Karolinska: receives donation of SEK 50M for breast cancer research

13 Jan 2010 | Network Updates

Karolinska Institutet has received a donation of SEK 50 million (€4.9 million) from Märit and Hans Rausing for a large-scale research project on breast cancer.

“We are very happy to be donating money to the fight against breast cancer, especially in light of our own family history,” says Märit Rausing. “Hans's mother and grandmother both died of the disease, and his father, Ruben, put considerable effort into finding a cure.”

“If we are to prevent healthy individuals from falling sick, we need to know the causative factors,” says Per Hall, who will be leading the study, in corporation with Jonas Bergh. “This, in turn, will make it possible to take more effective preventative measures.”

While in recent years preventative measures have proved highly successful in many areas of medicine, such as heart disease, similar progress has not been made in cancer.

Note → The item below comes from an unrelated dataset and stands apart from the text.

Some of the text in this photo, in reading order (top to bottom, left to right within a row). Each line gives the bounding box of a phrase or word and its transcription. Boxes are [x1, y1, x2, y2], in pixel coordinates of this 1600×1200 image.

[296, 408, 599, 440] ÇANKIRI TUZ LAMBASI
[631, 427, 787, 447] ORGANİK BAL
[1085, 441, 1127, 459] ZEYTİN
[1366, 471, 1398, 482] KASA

Now, with Märit and Hans Rausing’s Breast Cancer Initiative, Karolinska Institutet is confident that advances can be made by focusing on the healthy individual and the early stages of the disease.

“The Karolinska Institutet’s [...] unique competencies in the field were, of course, a key deciding factor in our choice of recipient,” says Hans Rausing. “But it was also important to put the money into a research project that we know will quickly convert its results into new treatment methods and thus be of benefit to both healthcare and the wider community.”

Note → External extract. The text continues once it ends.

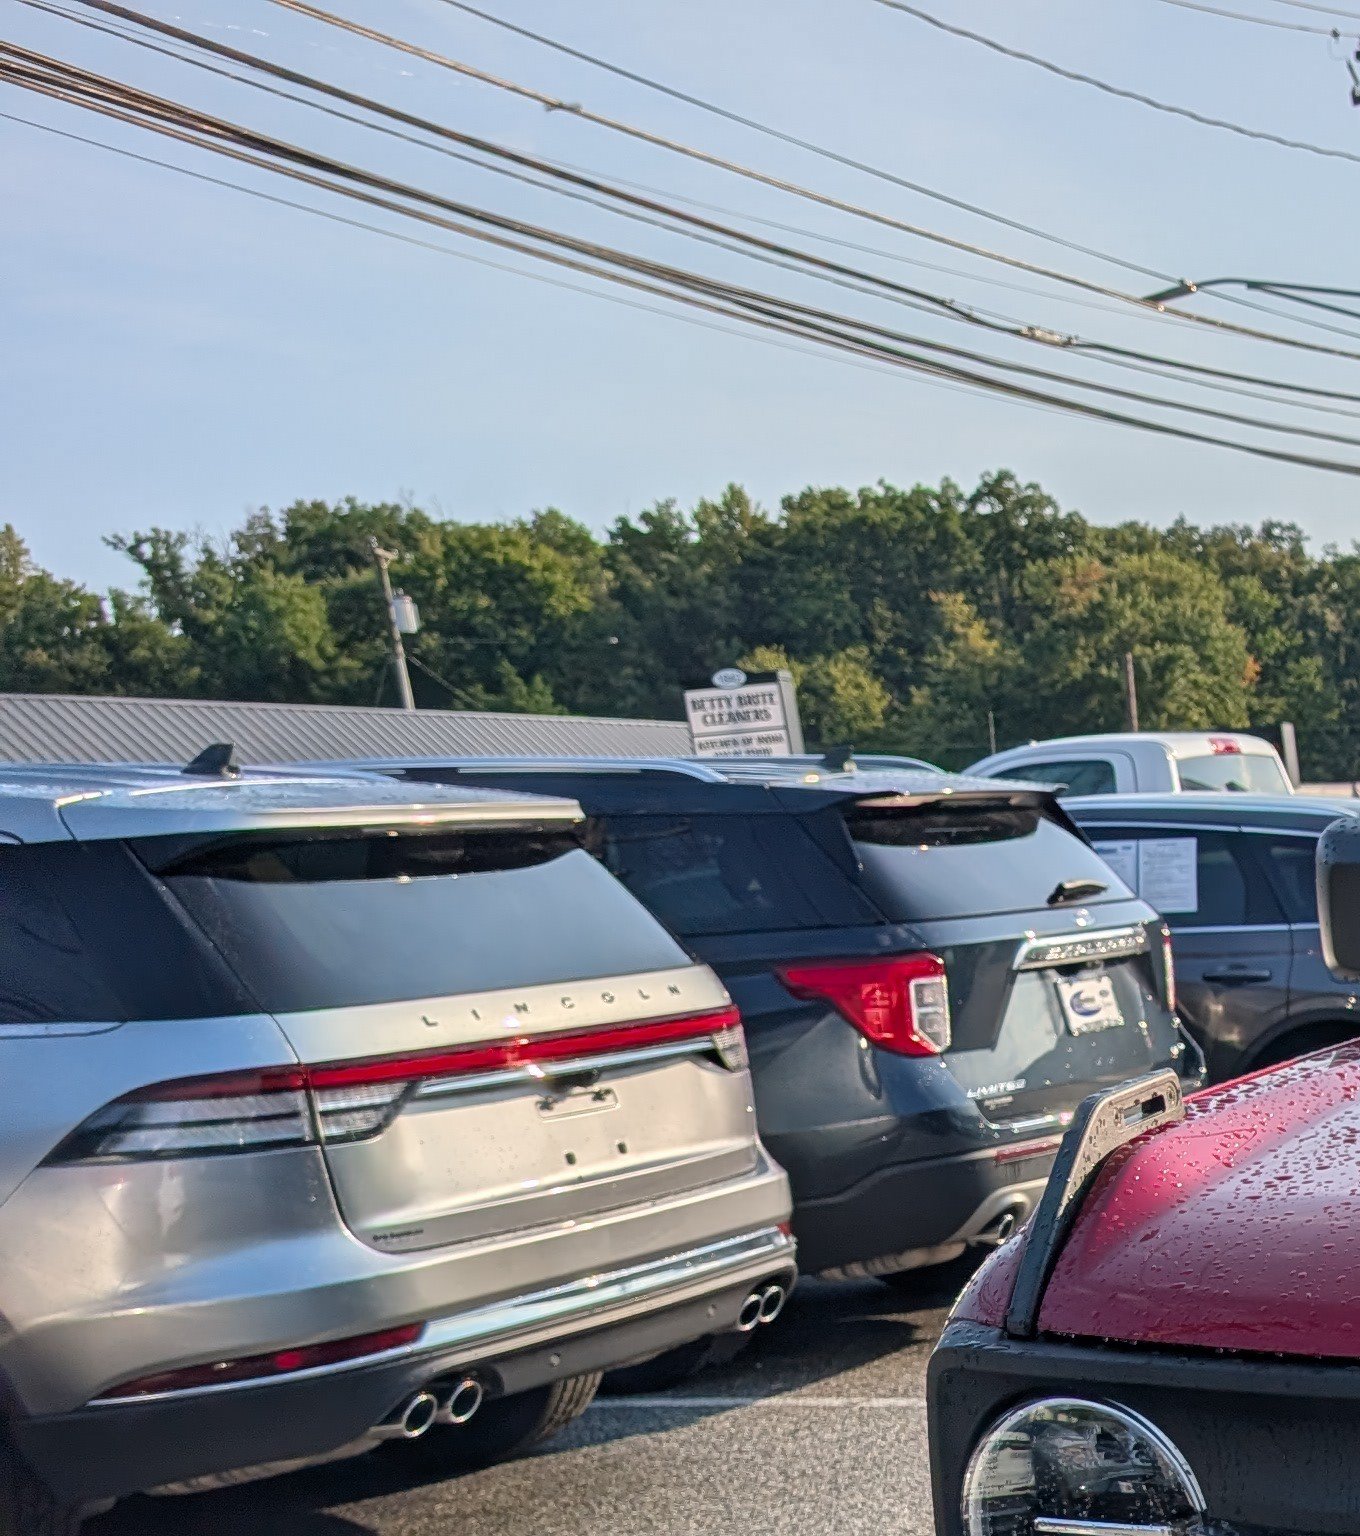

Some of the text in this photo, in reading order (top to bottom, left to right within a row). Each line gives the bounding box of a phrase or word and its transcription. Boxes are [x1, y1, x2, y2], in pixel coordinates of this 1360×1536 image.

[691, 696, 732, 712] BETTY
[702, 708, 772, 726] CLEANERS
[421, 984, 680, 1028] LINCOLN

Karolinska president Harriet Wallberg-Henriksson welcomed the initiative, which comes as Karolinska starts to celebrate its 200th year. “The Rausings’ generous donation will give us resources for a study that will generate information that is unique in the world, and that will give scientists fantastic new opportunities to make breakthroughs in the diagnosis and treatment of [...] breast cancer,” she said.

Hans Rausing was CEO and/or chairman of the family-owned packaging company Tetra Pak, later Tetra Laval, for 37 years.